Mali : Africa Corps visé par des accusations graves de violations des droits humains
Mali : Africa Corps accusé de frapper des civils à Kyrnia, selon une enquête détaillée
Une enquête approfondie menée par une organisation de défense des droits humains révèle des allégations accablantes contre Africa Corps. Les frappes aériennes ciblant la localité de Kyrnia, située dans la région de Mopti, auraient coûté la vie à huit civils innocents au mois de juin dernier. Les résultats de cette investigation contredisent formellement les déclarations officielles relayées par les partenaires étrangers de l’armée malienne, qui affirmaient neutraliser des éléments armés du JNIM lors de ces opérations.
L’équipe d’enquêteurs, dirigée par Ilaria Allegrozzi, experte chevronnée sur la situation au Sahel, a reconstitué le déroulement des événements. Cette chercheuse, spécialiste reconnue des questions sécuritaires dans la région, a partagé ses conclusions lors d’une émission consacrée à l’actualité africaine.

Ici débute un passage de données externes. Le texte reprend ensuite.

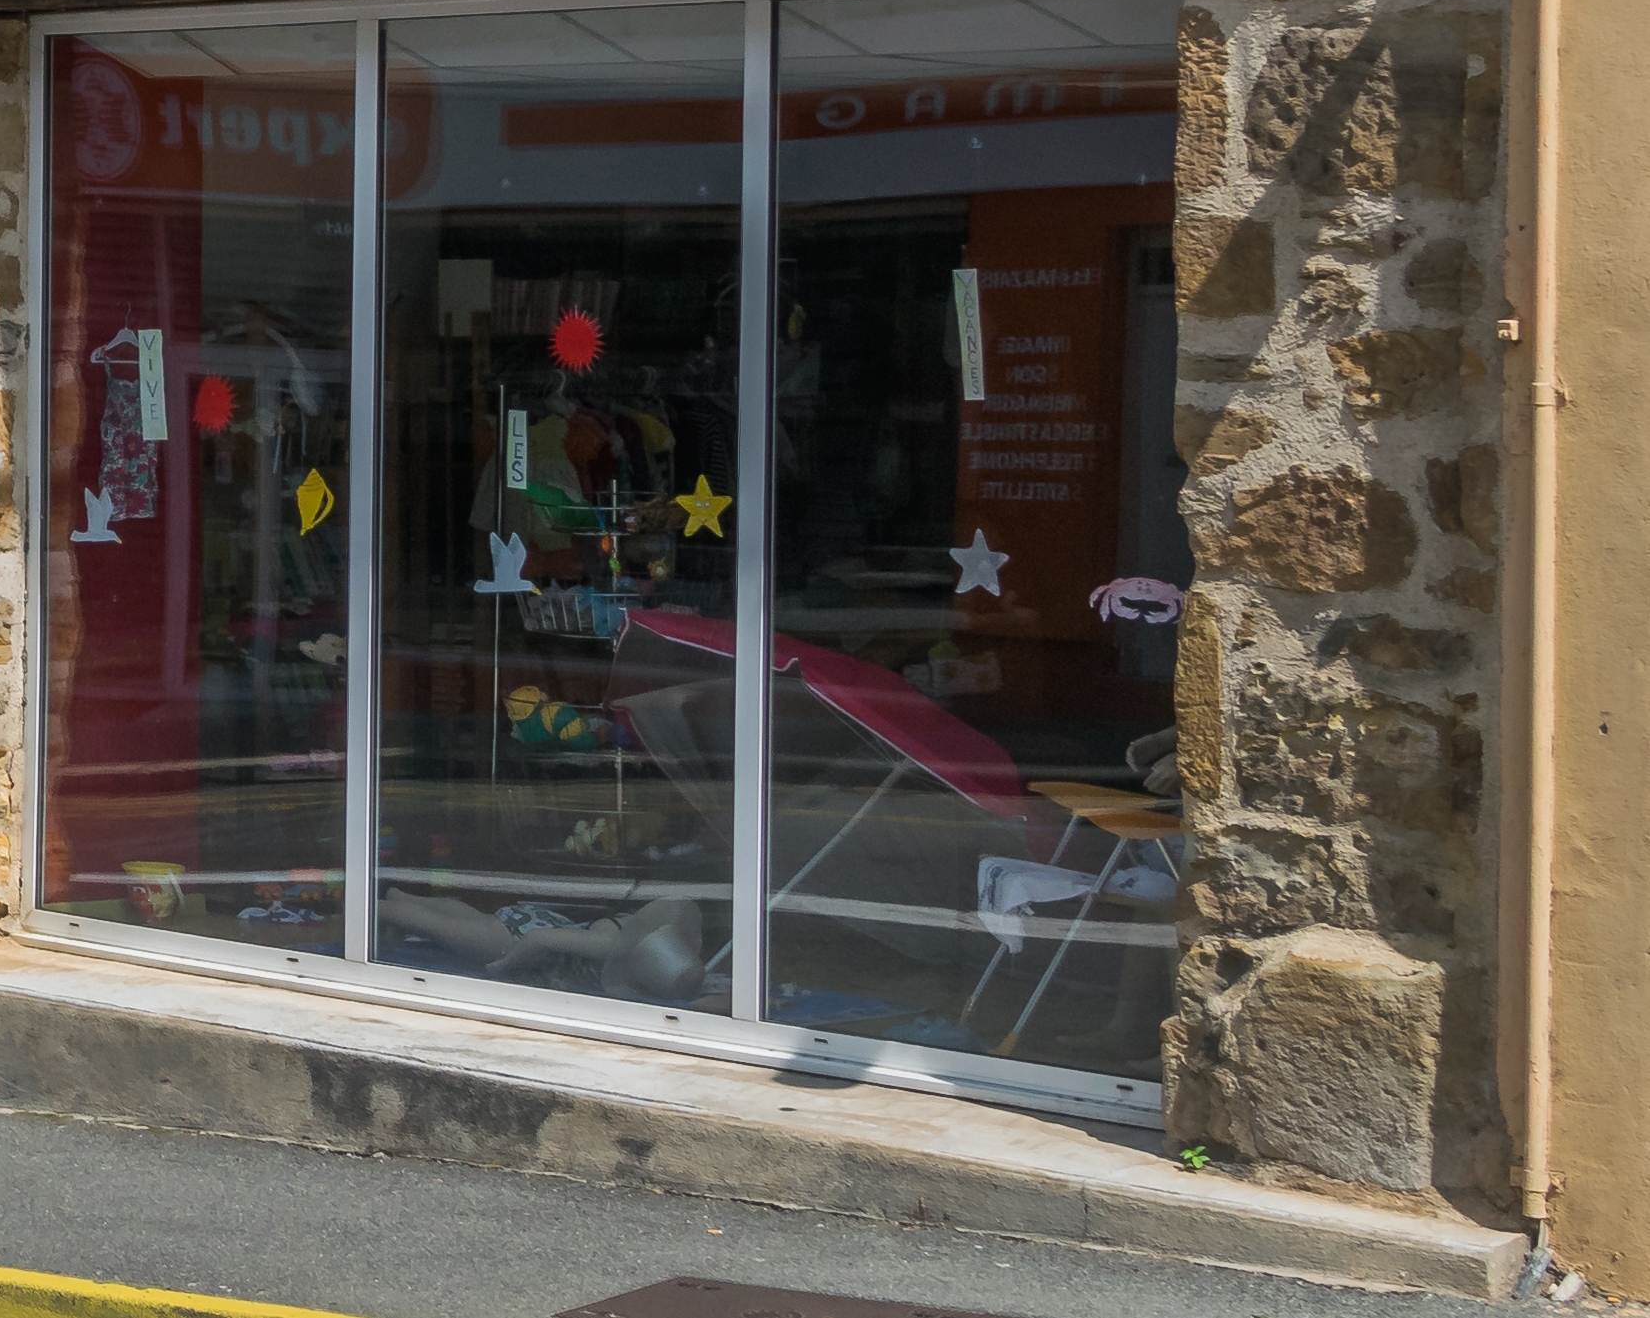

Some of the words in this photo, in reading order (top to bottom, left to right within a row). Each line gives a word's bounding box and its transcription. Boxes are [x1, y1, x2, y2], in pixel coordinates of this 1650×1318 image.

[955, 271, 980, 396] VACANCES
[142, 334, 159, 420] VIVE
[511, 415, 524, 483] LES
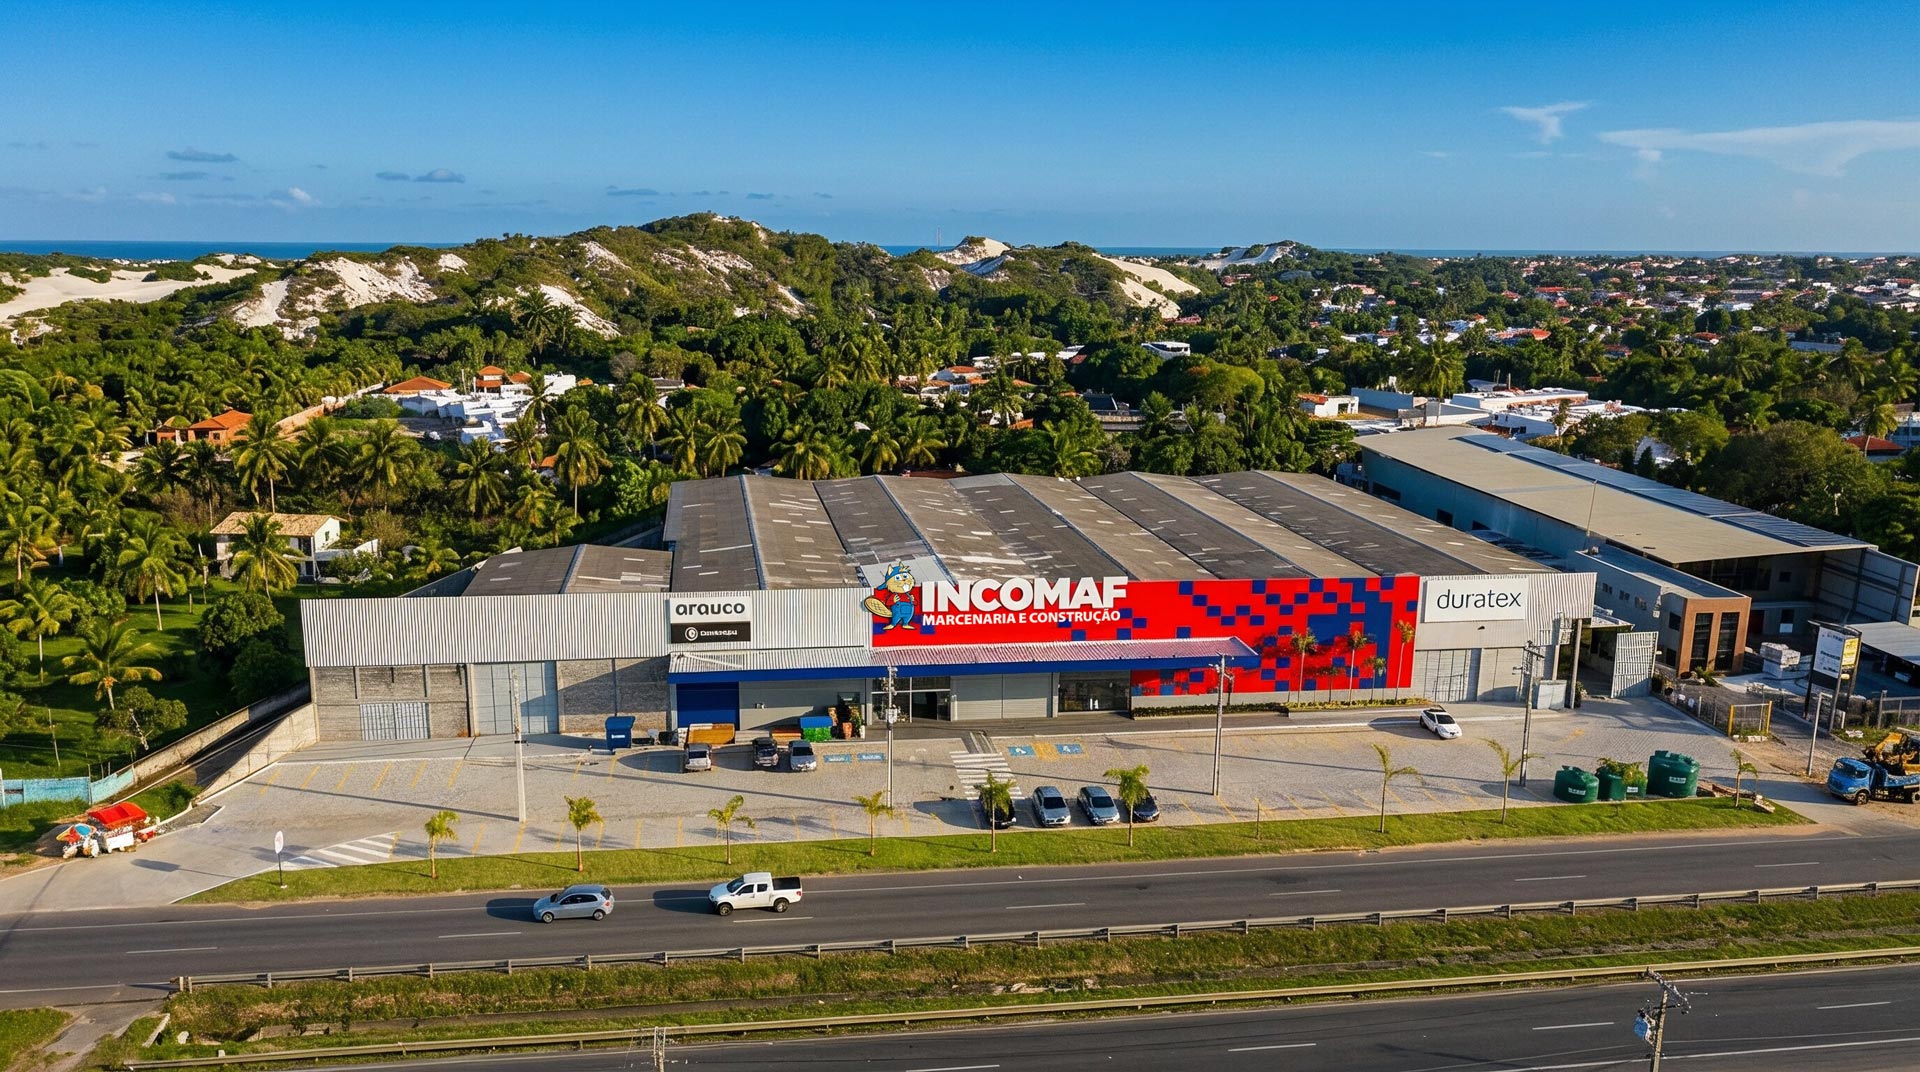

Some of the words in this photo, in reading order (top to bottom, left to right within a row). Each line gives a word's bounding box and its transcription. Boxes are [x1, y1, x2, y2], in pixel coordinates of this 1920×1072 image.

[921, 576, 1129, 612] INCOMAF
[1436, 588, 1522, 609] duratex
[675, 603, 746, 616] arauco
[922, 612, 1017, 626] MARCENARIA
[1019, 612, 1027, 624] E
[1029, 608, 1121, 625] CONSTRUÇÃO
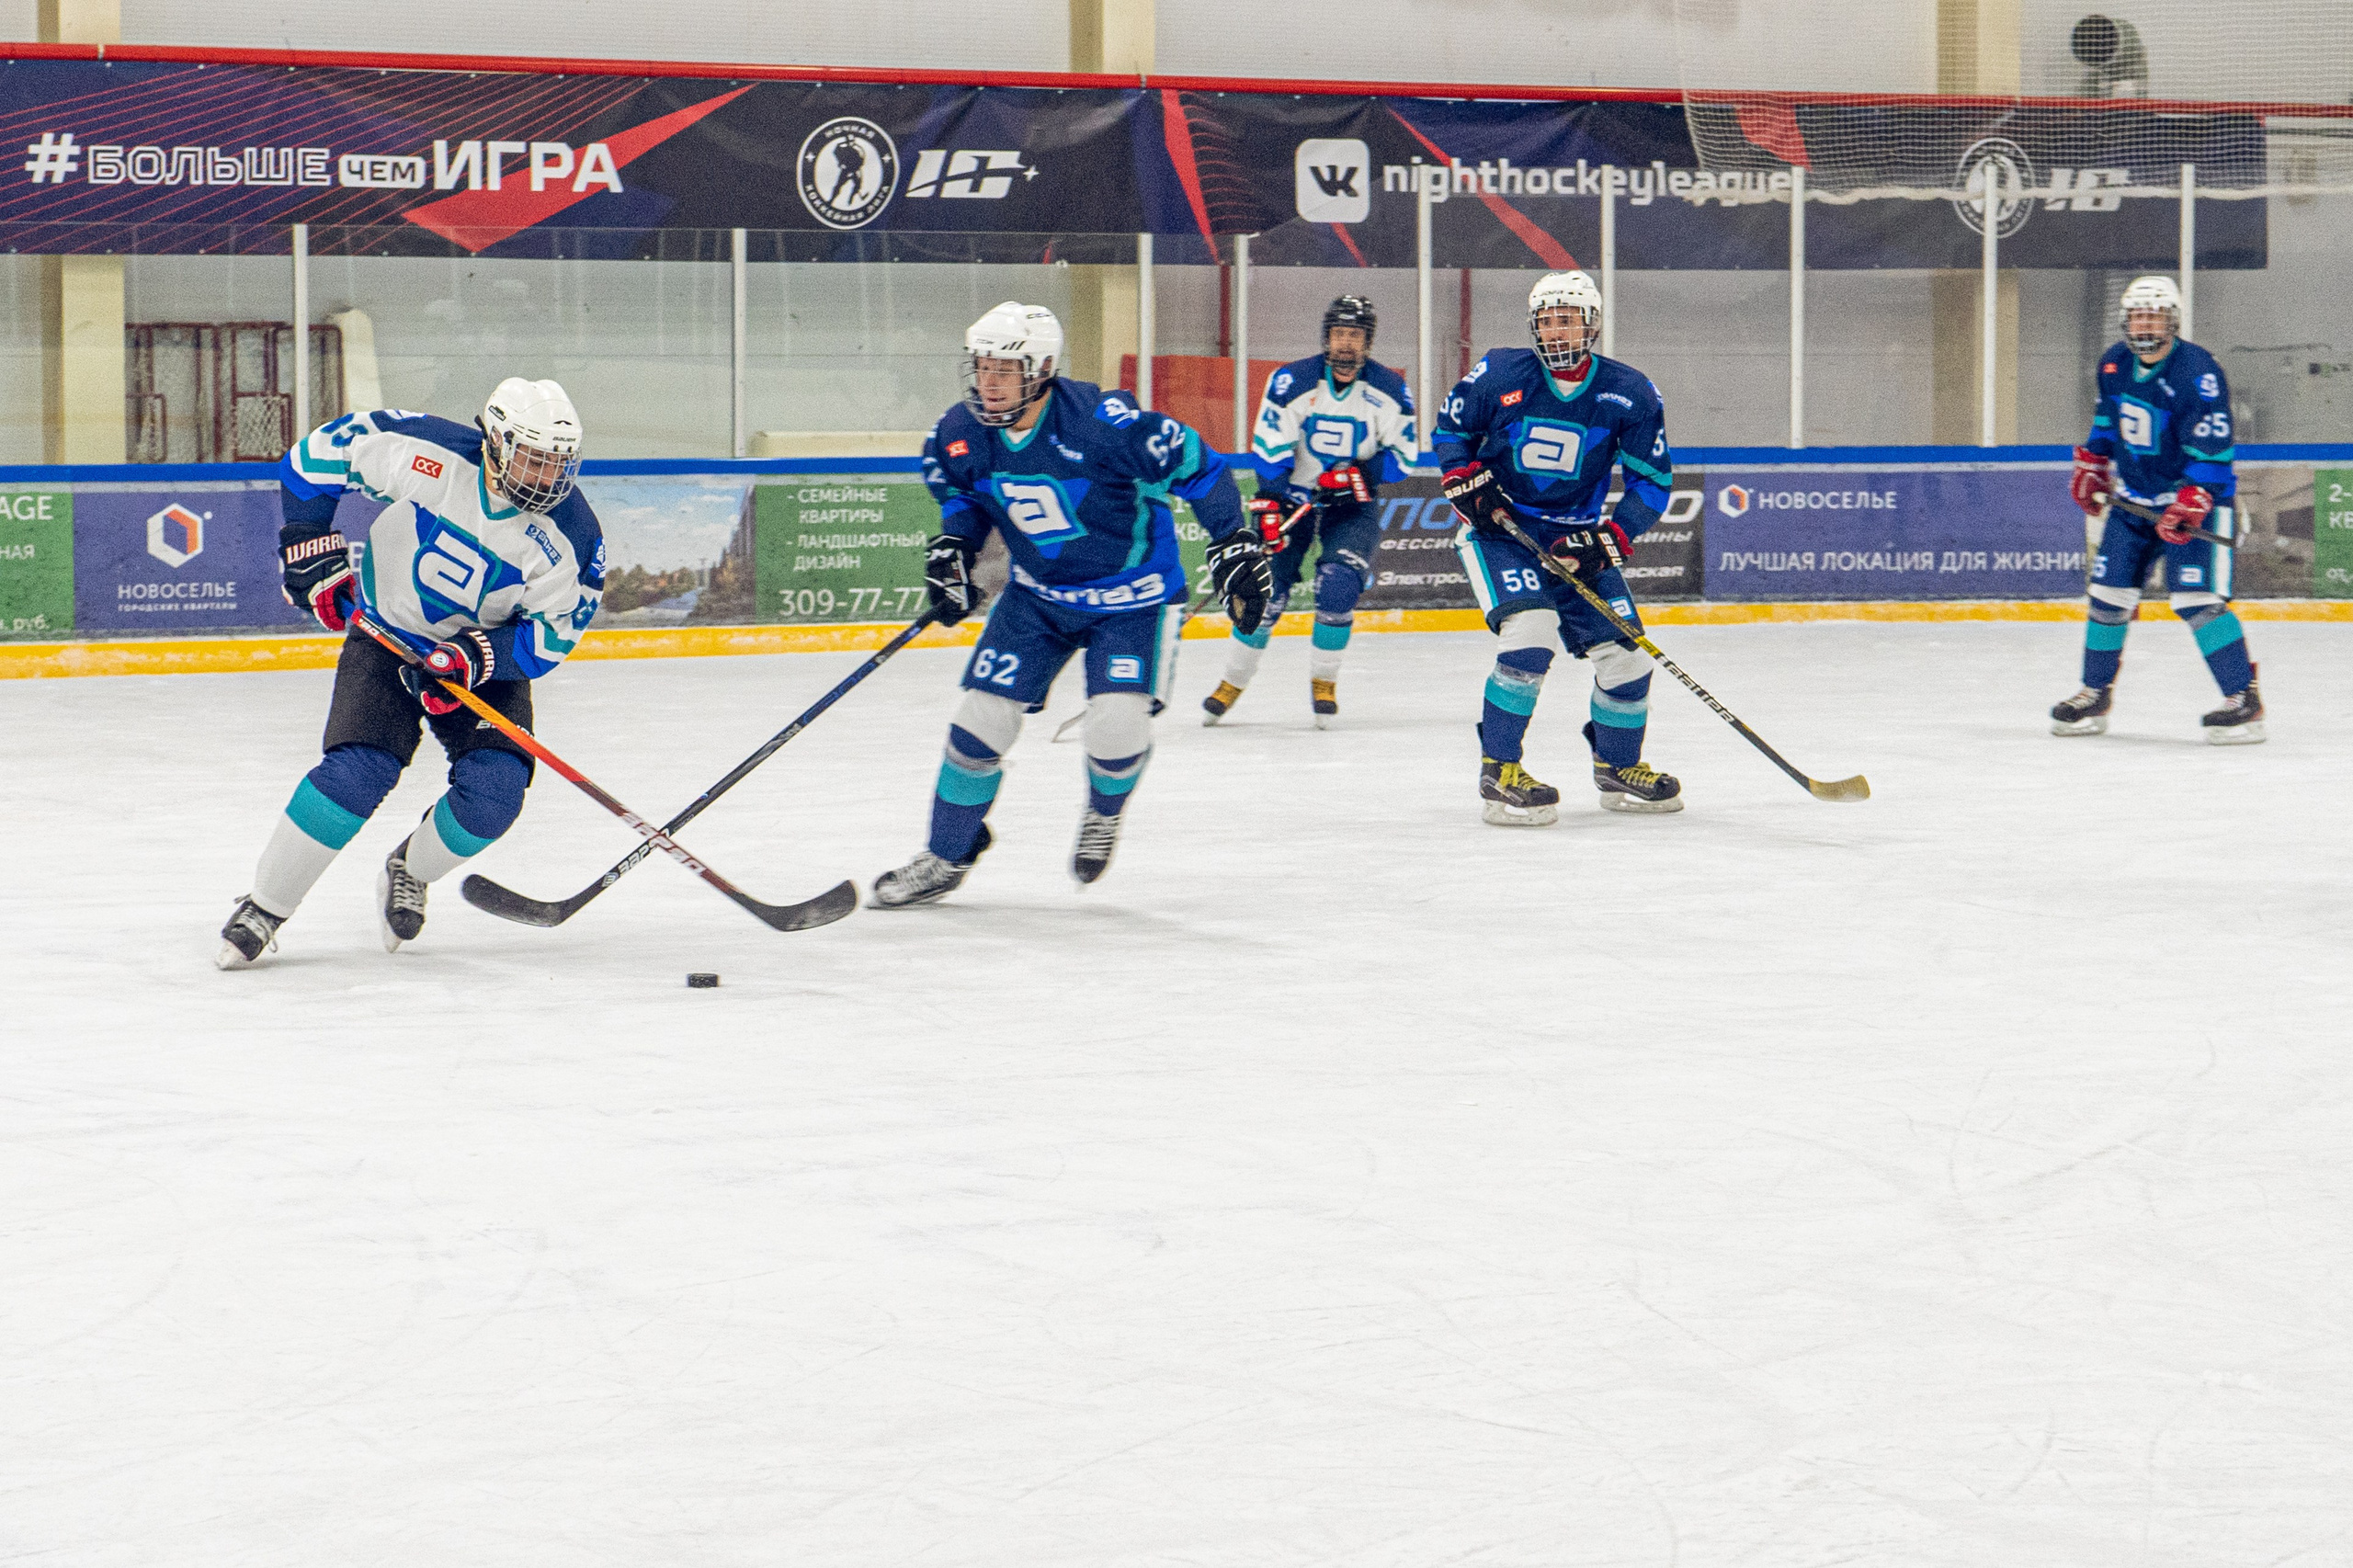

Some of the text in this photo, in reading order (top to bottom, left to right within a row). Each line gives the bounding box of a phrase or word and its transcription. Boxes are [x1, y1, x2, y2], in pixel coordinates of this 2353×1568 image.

[434, 140, 624, 193] ИГРА
[797, 486, 888, 503] СЕМЕЙНЫЕ
[1758, 491, 1898, 510] НОВОСЕЛЬЕ
[799, 508, 884, 524] КВАРТИРЫ
[798, 530, 927, 550] ЛАНДШАФТНЫЙ
[793, 553, 861, 571] ДИЗАЙН
[1719, 551, 1815, 572] ЛУЧШАЯ
[1820, 551, 1935, 574] ЛОКАЦИЯ
[1938, 551, 1988, 574] ДЛЯ
[118, 581, 237, 599] НОВОСЕЛЬЕ
[1502, 568, 1541, 592] 58
[779, 586, 928, 617] 309-77-77
[972, 648, 1021, 686] 62

Les preuves recueillies sur le terrain soulèvent des questions sérieuses sur le respect des protocoles militaires et des conventions internationales en matière de protection des populations civiles.
Kyrnia dans la ligne de mire : une frappe aux conséquences dramatiques
La localité de Kyrnia, paisible village de la région de Mopti, est devenue le théâtre d’un drame humanitaire le 15 juin dernier. Les frappes aériennes, attribuées à Africa Corps, ont laissé derrière elles un bilan humain lourd : huit civils, dont des femmes et des enfants, ont péri sous les bombes. Aucune preuve tangible ne corrobore, à ce stade, la présence de combattants ennemis dans la zone au moment des attaques.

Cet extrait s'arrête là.